=== Section Start ===

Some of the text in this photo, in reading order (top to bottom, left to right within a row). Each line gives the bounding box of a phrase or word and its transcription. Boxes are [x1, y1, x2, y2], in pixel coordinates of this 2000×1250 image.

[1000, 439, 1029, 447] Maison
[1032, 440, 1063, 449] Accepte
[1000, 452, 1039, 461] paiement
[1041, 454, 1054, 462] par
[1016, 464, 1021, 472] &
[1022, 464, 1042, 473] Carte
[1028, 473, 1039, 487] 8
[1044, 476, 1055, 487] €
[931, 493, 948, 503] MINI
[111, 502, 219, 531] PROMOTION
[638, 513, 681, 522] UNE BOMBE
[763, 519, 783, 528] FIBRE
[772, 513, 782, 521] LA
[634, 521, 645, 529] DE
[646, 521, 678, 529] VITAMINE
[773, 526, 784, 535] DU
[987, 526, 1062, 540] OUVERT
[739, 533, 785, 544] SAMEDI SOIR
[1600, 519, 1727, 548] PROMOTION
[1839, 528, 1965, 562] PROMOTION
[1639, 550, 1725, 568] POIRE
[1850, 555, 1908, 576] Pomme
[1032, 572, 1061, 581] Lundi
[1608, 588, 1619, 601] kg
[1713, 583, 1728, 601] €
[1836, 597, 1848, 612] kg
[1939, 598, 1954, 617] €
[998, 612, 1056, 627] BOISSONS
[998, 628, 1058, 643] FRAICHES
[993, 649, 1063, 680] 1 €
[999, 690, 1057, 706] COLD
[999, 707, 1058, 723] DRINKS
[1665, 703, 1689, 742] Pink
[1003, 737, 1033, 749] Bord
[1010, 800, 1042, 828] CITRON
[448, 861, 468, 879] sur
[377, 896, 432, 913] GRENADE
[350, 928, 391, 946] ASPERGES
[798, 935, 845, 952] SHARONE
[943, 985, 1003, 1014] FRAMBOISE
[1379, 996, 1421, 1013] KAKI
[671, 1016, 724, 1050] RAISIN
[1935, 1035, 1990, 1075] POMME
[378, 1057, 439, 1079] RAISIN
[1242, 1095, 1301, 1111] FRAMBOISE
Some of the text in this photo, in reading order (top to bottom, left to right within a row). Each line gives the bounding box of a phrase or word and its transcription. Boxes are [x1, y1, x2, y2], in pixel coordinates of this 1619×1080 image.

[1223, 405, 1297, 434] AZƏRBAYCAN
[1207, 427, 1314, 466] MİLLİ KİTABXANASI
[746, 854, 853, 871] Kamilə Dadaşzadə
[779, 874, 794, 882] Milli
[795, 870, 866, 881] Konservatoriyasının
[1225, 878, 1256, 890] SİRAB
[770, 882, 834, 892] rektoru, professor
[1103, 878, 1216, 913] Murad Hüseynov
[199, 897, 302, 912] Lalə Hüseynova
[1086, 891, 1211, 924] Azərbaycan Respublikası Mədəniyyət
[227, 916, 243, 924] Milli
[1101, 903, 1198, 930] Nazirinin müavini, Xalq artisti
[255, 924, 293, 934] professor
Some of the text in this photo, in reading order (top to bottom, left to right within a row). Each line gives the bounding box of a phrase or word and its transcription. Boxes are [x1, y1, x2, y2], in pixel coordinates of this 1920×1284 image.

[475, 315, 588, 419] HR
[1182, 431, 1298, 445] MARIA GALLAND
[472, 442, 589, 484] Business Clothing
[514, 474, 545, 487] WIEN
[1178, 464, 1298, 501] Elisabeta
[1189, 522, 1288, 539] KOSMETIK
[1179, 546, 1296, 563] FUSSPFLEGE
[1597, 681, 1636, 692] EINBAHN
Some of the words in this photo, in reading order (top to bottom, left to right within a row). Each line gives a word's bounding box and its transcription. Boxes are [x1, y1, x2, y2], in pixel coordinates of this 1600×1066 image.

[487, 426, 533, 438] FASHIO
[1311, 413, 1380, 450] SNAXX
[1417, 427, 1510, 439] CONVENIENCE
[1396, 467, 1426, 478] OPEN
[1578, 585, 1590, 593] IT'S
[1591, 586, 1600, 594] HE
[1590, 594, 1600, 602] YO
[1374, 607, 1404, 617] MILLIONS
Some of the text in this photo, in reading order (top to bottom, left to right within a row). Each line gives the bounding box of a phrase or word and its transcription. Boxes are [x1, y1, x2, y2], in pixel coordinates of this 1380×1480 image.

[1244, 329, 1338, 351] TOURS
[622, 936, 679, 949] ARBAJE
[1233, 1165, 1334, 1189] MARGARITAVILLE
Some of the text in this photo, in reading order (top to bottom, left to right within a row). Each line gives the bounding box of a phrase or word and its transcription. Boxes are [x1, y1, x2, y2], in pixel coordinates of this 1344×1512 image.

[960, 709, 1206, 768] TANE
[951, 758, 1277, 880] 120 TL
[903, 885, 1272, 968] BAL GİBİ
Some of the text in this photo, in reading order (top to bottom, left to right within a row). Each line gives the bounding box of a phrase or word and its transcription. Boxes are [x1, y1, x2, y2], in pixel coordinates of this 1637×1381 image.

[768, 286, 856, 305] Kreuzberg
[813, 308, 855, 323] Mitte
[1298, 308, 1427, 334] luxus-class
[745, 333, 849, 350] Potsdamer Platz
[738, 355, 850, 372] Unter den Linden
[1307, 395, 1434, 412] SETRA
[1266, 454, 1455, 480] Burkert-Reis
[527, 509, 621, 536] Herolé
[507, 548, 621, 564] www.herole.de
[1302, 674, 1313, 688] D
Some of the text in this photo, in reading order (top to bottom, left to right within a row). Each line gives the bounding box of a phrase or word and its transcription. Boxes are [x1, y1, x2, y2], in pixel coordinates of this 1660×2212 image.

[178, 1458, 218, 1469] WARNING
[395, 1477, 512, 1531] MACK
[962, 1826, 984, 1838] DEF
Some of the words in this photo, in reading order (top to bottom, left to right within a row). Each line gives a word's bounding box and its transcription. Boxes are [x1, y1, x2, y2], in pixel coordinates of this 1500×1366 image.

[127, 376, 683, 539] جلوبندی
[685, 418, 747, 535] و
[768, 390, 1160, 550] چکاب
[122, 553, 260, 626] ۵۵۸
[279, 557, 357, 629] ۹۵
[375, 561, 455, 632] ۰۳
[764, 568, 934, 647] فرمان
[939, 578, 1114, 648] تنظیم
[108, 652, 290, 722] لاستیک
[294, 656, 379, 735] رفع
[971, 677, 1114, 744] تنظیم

=== Section End ===

=== AIM OF THE EXERCISE ===
Print out all of the records above, word for word.

=== RESULT OF THE EXERCISE ===
Some of the text in this photo, in reading order (top to bottom, left to right within a row). Each line gives the bounding box of a phrase or word and its transcription. Boxes are [x1, y1, x2, y2], in pixel coordinates of this 2000×1250 image.

[1000, 439, 1029, 447] Maison
[1032, 440, 1063, 449] Accepte
[1000, 452, 1039, 461] paiement
[1041, 454, 1054, 462] par
[1016, 464, 1021, 472] &
[1022, 464, 1042, 473] Carte
[1028, 473, 1039, 487] 8
[1044, 476, 1055, 487] €
[931, 493, 948, 503] MINI
[111, 502, 219, 531] PROMOTION
[638, 513, 681, 522] UNE BOMBE
[763, 519, 783, 528] FIBRE
[772, 513, 782, 521] LA
[634, 521, 645, 529] DE
[646, 521, 678, 529] VITAMINE
[773, 526, 784, 535] DU
[987, 526, 1062, 540] OUVERT
[739, 533, 785, 544] SAMEDI SOIR
[1600, 519, 1727, 548] PROMOTION
[1839, 528, 1965, 562] PROMOTION
[1639, 550, 1725, 568] POIRE
[1850, 555, 1908, 576] Pomme
[1032, 572, 1061, 581] Lundi
[1608, 588, 1619, 601] kg
[1713, 583, 1728, 601] €
[1836, 597, 1848, 612] kg
[1939, 598, 1954, 617] €
[998, 612, 1056, 627] BOISSONS
[998, 628, 1058, 643] FRAICHES
[993, 649, 1063, 680] 1 €
[999, 690, 1057, 706] COLD
[999, 707, 1058, 723] DRINKS
[1665, 703, 1689, 742] Pink
[1003, 737, 1033, 749] Bord
[1010, 800, 1042, 828] CITRON
[448, 861, 468, 879] sur
[377, 896, 432, 913] GRENADE
[350, 928, 391, 946] ASPERGES
[798, 935, 845, 952] SHARONE
[943, 985, 1003, 1014] FRAMBOISE
[1379, 996, 1421, 1013] KAKI
[671, 1016, 724, 1050] RAISIN
[1935, 1035, 1990, 1075] POMME
[378, 1057, 439, 1079] RAISIN
[1242, 1095, 1301, 1111] FRAMBOISE
Some of the text in this photo, in reading order (top to bottom, left to right within a row). Each line gives the bounding box of a phrase or word and its transcription. Boxes are [x1, y1, x2, y2], in pixel coordinates of this 1619×1080 image.

[1223, 405, 1297, 434] AZƏRBAYCAN
[1207, 427, 1314, 466] MİLLİ KİTABXANASI
[746, 854, 853, 871] Kamilə Dadaşzadə
[779, 874, 794, 882] Milli
[795, 870, 866, 881] Konservatoriyasının
[1225, 878, 1256, 890] SİRAB
[770, 882, 834, 892] rektoru, professor
[1103, 878, 1216, 913] Murad Hüseynov
[199, 897, 302, 912] Lalə Hüseynova
[1086, 891, 1211, 924] Azərbaycan Respublikası Mədəniyyət
[227, 916, 243, 924] Milli
[1101, 903, 1198, 930] Nazirinin müavini, Xalq artisti
[255, 924, 293, 934] professor
Some of the text in this photo, in reading order (top to bottom, left to right within a row). Each line gives the bounding box of a phrase or word and its transcription. Boxes are [x1, y1, x2, y2], in pixel coordinates of this 1920×1284 image.

[475, 315, 588, 419] HR
[1182, 431, 1298, 445] MARIA GALLAND
[472, 442, 589, 484] Business Clothing
[514, 474, 545, 487] WIEN
[1178, 464, 1298, 501] Elisabeta
[1189, 522, 1288, 539] KOSMETIK
[1179, 546, 1296, 563] FUSSPFLEGE
[1597, 681, 1636, 692] EINBAHN
Some of the words in this photo, in reading order (top to bottom, left to right within a row). Each line gives a word's bounding box and its transcription. Boxes are [x1, y1, x2, y2], in pixel coordinates of this 1600×1066 image.

[487, 426, 533, 438] FASHIO
[1311, 413, 1380, 450] SNAXX
[1417, 427, 1510, 439] CONVENIENCE
[1396, 467, 1426, 478] OPEN
[1578, 585, 1590, 593] IT'S
[1591, 586, 1600, 594] HE
[1590, 594, 1600, 602] YO
[1374, 607, 1404, 617] MILLIONS
Some of the text in this photo, in reading order (top to bottom, left to right within a row). Each line gives the bounding box of a phrase or word and its transcription. Boxes are [x1, y1, x2, y2], in pixel coordinates of this 1380×1480 image.

[1244, 329, 1338, 351] TOURS
[622, 936, 679, 949] ARBAJE
[1233, 1165, 1334, 1189] MARGARITAVILLE
Some of the text in this photo, in reading order (top to bottom, left to right within a row). Each line gives the bounding box of a phrase or word and its transcription. Boxes are [x1, y1, x2, y2], in pixel coordinates of this 1344×1512 image.

[960, 709, 1206, 768] TANE
[951, 758, 1277, 880] 120 TL
[903, 885, 1272, 968] BAL GİBİ
Some of the text in this photo, in reading order (top to bottom, left to right within a row). Each line gives the bounding box of a phrase or word and its transcription. Boxes are [x1, y1, x2, y2], in pixel coordinates of this 1637×1381 image.

[768, 286, 856, 305] Kreuzberg
[813, 308, 855, 323] Mitte
[1298, 308, 1427, 334] luxus-class
[745, 333, 849, 350] Potsdamer Platz
[738, 355, 850, 372] Unter den Linden
[1307, 395, 1434, 412] SETRA
[1266, 454, 1455, 480] Burkert-Reis
[527, 509, 621, 536] Herolé
[507, 548, 621, 564] www.herole.de
[1302, 674, 1313, 688] D
Some of the text in this photo, in reading order (top to bottom, left to right within a row). Each line gives the bounding box of a phrase or word and its transcription. Boxes are [x1, y1, x2, y2], in pixel coordinates of this 1660×2212 image.

[178, 1458, 218, 1469] WARNING
[395, 1477, 512, 1531] MACK
[962, 1826, 984, 1838] DEF
Some of the words in this photo, in reading order (top to bottom, left to right within a row). Each line gives a word's bounding box and its transcription. Boxes are [x1, y1, x2, y2], in pixel coordinates of this 1500×1366 image.

[127, 376, 683, 539] جلوبندی
[685, 418, 747, 535] و
[768, 390, 1160, 550] چکاب
[122, 553, 260, 626] ۵۵۸
[279, 557, 357, 629] ۹۵
[375, 561, 455, 632] ۰۳
[764, 568, 934, 647] فرمان
[939, 578, 1114, 648] تنظیم
[108, 652, 290, 722] لاستیک
[294, 656, 379, 735] رفع
[971, 677, 1114, 744] تنظیم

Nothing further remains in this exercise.